SeisHub

Overview

Data volumes in observational and computational seismology are rapidly expanding. This is due in part to the ever increasing amount of continuous data from global, regional and local permanent stations and in part to large scale experiments. A new contributor of growing importance, however, is the option to generate virtual observational data from highly accurate numerical simulations, which need to be stored with the same priority as real observations.

Furthermore, seismology is going beyond data reduction (e.g., by extracting travel times or surface wave phase velocities) towards complete waveform processing and simulation. It is commonly accepted, today, in the seismological community that the suite of database and processing tools developed in the past decade is now outdated and novel approaches are required.

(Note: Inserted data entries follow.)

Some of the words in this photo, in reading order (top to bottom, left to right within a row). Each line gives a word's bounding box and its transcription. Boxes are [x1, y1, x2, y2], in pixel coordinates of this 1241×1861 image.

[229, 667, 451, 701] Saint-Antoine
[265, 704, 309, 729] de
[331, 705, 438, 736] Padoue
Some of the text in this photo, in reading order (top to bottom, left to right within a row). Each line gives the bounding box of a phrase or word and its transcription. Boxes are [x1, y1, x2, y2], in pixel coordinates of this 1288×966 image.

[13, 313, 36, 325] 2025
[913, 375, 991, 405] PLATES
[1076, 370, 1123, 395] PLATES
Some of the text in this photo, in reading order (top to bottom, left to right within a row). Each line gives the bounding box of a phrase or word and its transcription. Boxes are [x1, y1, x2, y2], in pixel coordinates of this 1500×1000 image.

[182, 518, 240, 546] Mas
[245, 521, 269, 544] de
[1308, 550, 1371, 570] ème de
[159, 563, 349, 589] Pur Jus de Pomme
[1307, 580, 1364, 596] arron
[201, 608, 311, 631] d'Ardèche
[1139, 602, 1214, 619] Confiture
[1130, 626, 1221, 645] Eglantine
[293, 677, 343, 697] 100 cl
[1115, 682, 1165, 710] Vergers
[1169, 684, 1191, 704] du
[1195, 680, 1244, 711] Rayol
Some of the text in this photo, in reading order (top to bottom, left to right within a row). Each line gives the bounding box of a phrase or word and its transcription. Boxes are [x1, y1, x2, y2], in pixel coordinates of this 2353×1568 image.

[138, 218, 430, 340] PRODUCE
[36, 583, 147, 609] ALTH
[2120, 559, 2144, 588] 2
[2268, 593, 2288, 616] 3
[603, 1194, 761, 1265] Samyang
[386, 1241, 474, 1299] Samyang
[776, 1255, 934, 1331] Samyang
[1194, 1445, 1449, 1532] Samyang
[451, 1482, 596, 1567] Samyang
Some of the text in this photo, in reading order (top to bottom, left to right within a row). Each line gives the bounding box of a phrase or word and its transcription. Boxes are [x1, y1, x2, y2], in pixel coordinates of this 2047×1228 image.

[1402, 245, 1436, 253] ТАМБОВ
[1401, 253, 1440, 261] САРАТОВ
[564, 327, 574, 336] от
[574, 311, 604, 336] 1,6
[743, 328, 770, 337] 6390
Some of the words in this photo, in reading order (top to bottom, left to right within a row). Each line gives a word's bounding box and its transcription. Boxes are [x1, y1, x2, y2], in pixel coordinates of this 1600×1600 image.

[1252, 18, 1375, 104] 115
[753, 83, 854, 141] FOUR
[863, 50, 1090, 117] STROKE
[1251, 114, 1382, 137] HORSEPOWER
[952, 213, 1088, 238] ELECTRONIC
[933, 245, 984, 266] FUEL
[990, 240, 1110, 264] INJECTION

In this pilot project we intend to develop a new paradigm with the intention to closely link data archiving, waveform processing and simulation infrastructure putting a strong emphasis on the field of seismology. These developments are carried out in close collaboration with major ongoing international projects in seismology (NERIES, SPICE, CIG, SCEC) as well as national initiatives (e.g., WebDC, GFZ Potsdam) and data centers (BGR/SZGRF, ORFEUS, IRIS). While the focus of those projects lies in the handling of real-time observations, automatic processing of large data sets and/or the provision of computational wave propagation algorithms, the main complementary developments envisaged in this project are:

  • an open source, modular, multi-component database with access to observational infrastructure (partly provided by NERIES);
  • a link between database, multi-component processing tools and executable simulation algorithms (provided by SPICE); and
  • the development of formats and standards to combine the joint storage and processing of observations and simulations (partly provided by FDSN and IRIS).

Acknowledgements

This project was funded by the German Science Foundation (DFG), project number 29077640.